Important identity used in simplification:

\[ n! = n \times (n-1)! \]

This identity helps in factoring expressions like \(4! - 3!\).

Solution Roadmap

Step 1: Expand factorial using definition
Step 2: Use identity \(n! = n \cdot (n-1)!\)
Step 3: Factor common terms
Step 4: Simplify numerically

Solution

(i)

\[ \begin{aligned} 8! &= 8 \times 7 \times 6 \times 5 \times 4 \times 3 \times 2 \times 1 \\ &= 40320 \end{aligned} \]

(ii)

Using identity \(4! = 4 \times 3!\):

\[ \begin{aligned} 4! - 3! &= 4 \times 3! - 3! \\ &= 3!(4 - 1) \\ &= 3 \times 3! \\ &= 3 \times 3 \times 2 \times 1 \\ &= 18 \end{aligned} \]

Final Answer

(i) \(40320\)
(ii) \(18\)

Exam Significance

This is a fundamental factorial manipulation problem.

• Frequently asked in CBSE boards (direct evaluation)
• Essential for simplifying permutation formulas
• Helps in cancelling terms in JEE-level expressions

Key takeaway: Always try factoring using \(n! = n(n-1)!\) before expanding fully

Theory

Factorials grow very rapidly. Hence, expressions involving factorials should be simplified using identities instead of direct expansion.

Key identity:

\[ n! = n \times (n-1)! \]

This helps in taking common factors and simplifying expressions efficiently.

Solution Roadmap

Step 1: Express larger factorial in terms of smaller one
Step 2: Take common factor
Step 3: Simplify and compare both sides
Step 4: Avoid unnecessary large expansions

Solution

Simplify the left-hand side:

\[ \begin{aligned} 3! + 4! &= 3! + 4 \times 3! \\ &= 3!(1 + 4) \\ &= 3! \times 5 \\ &= 5 \times 3 \times 2 \times 1 \\ &= 30 \end{aligned} \]
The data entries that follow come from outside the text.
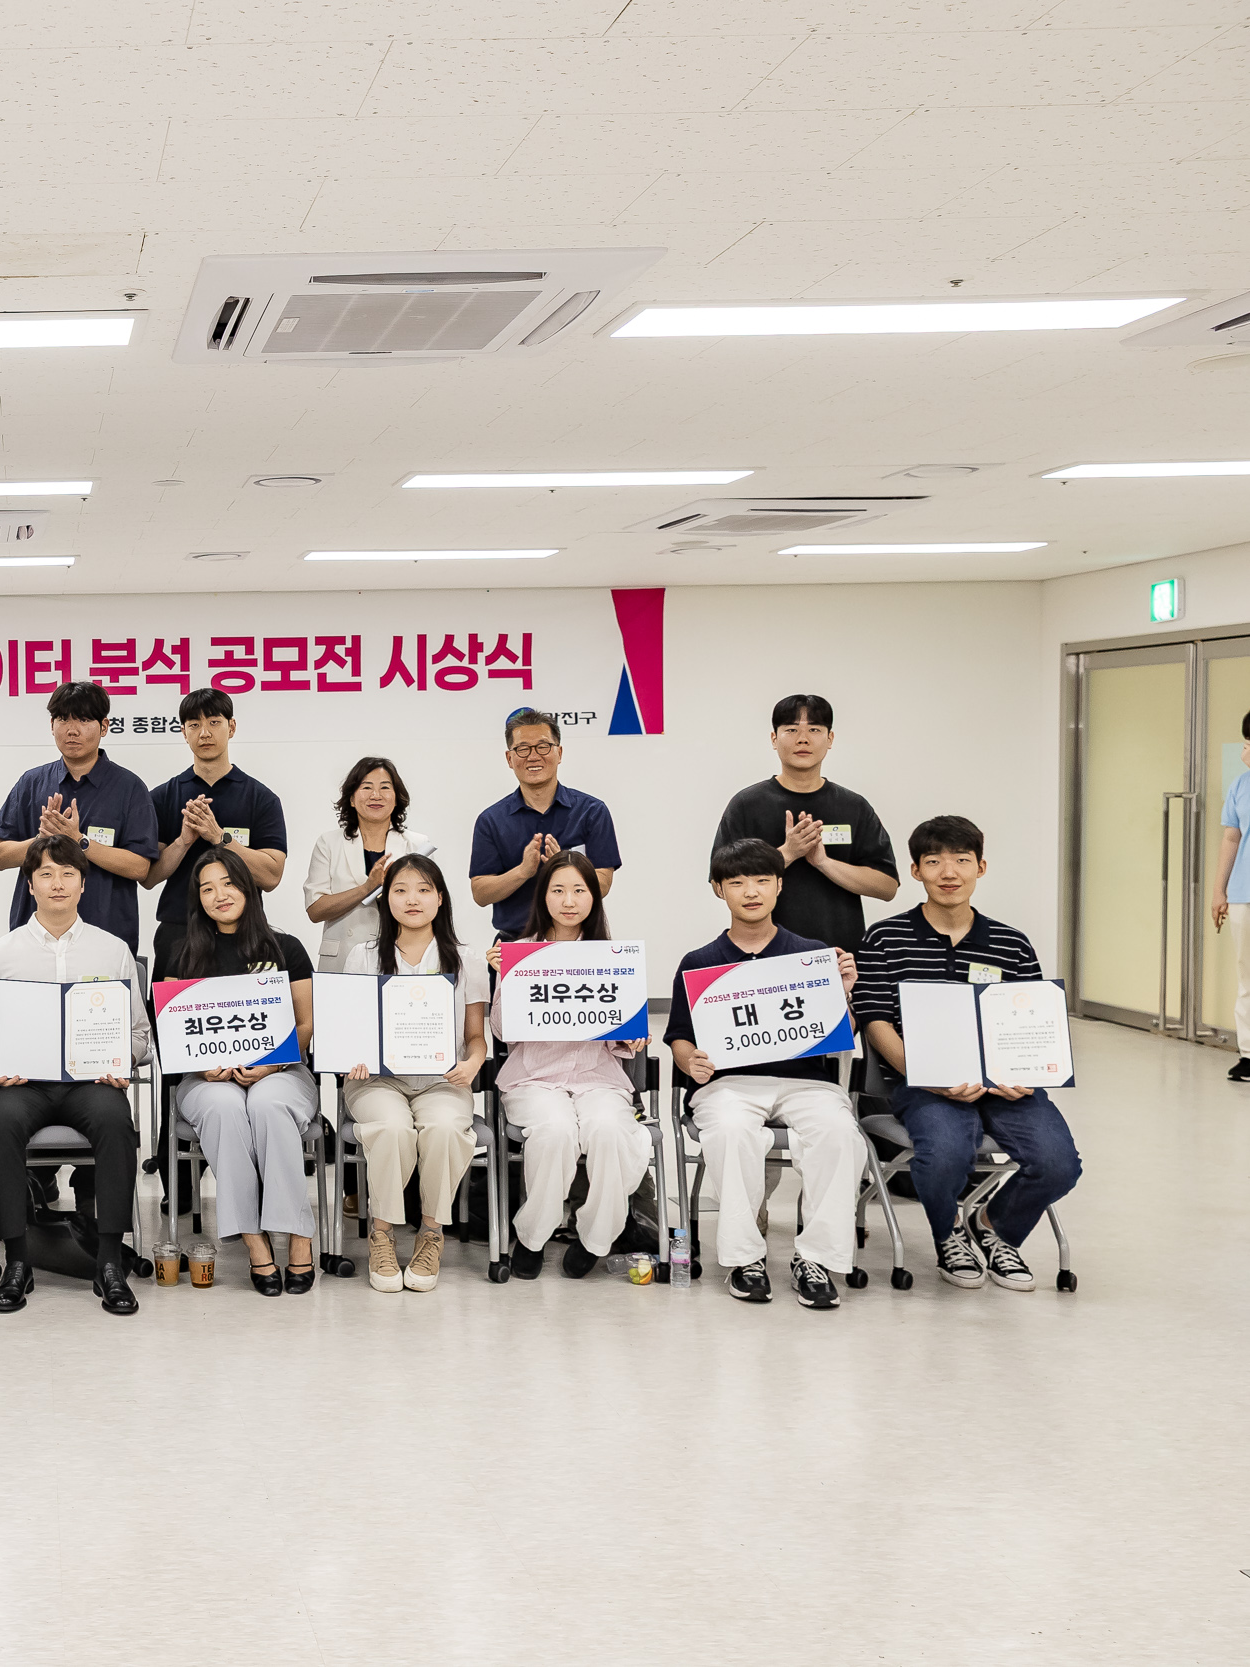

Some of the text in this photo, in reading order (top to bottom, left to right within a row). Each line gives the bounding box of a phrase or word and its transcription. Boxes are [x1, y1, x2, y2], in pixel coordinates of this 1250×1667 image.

[89, 637, 191, 697] 분석
[207, 634, 362, 695] 공모전
[379, 632, 533, 692] 시상식
[108, 716, 125, 734] 청
[514, 969, 540, 977] 2025년
[566, 968, 595, 976] 빅데이터
[596, 968, 611, 976] 분석
[612, 967, 635, 975] 공모전
[529, 983, 619, 1003] 최우수상
[703, 978, 830, 1004] 2025년 광진구 빅데이터 분석 공모전
[168, 996, 282, 1013] 2025년 광진구 빅데이터 분석 공모전
[184, 1011, 268, 1036] 최우수상
[528, 1009, 623, 1026] 1,000,000원
[185, 1035, 276, 1057] 1,000,000원
[724, 1021, 826, 1051] 3,000,000원
Now evaluate the right-hand side:

\[ \begin{aligned} 7! &= 7 \times 6 \times 5 \times 4 \times 3 \times 2 \times 1 \\ &= 5040 \end{aligned} \]

Comparing both:

\[ 3! + 4! = 30 \quad \text{and} \quad 7! = 5040 \]

Hence,

\[ 3! + 4! \ne 7! \]

Final Answer

\(3! + 4! \ne 7!\)

Exam Significance

This question tests factorial simplification strategy, not calculation speed.
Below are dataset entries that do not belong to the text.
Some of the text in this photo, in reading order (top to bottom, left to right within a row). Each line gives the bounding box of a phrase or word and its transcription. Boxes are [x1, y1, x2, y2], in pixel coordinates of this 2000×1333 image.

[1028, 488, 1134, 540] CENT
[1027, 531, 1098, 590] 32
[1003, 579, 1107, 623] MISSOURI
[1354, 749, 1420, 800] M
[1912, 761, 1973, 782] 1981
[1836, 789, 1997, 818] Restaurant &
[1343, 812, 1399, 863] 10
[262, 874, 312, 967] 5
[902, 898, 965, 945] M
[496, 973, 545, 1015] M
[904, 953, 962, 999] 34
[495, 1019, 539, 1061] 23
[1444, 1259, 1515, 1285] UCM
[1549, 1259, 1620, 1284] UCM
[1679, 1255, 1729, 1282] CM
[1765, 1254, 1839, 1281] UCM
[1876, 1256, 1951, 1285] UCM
• Common CBSE board type question
• Builds habit of factoring instead of expanding
• Important for simplifying complex JEE expressions

Key takeaway: Always reduce factorial expressions using identities before comparing

Theory

Expressions involving factorials should be simplified using cancellation before expansion.

Key identity:

\[ n! = n \times (n-1)! \]

Also, this expression is of the form:

\[ \frac{n!}{(n-r)! \, r!} = {^nC_r} \]

Hence, \(\dfrac{8!}{6!2!} = {^8C_2}\), a combination value.

Solution Roadmap

Step 1: Identify cancellation opportunity
Step 2: Expand only required part of factorial
Step 3: Cancel common terms
Step 4: Simplify numerically

Solution

\[ \begin{aligned} \frac{8!}{6! \cdot 2!} &= \frac{8 \times 7 \times 6!}{6! \times 2 \times 1} \\ &= \frac{8 \times 7}{2 \times 1} \\ &= \frac{56}{2} \\ &= 28 \end{aligned} \]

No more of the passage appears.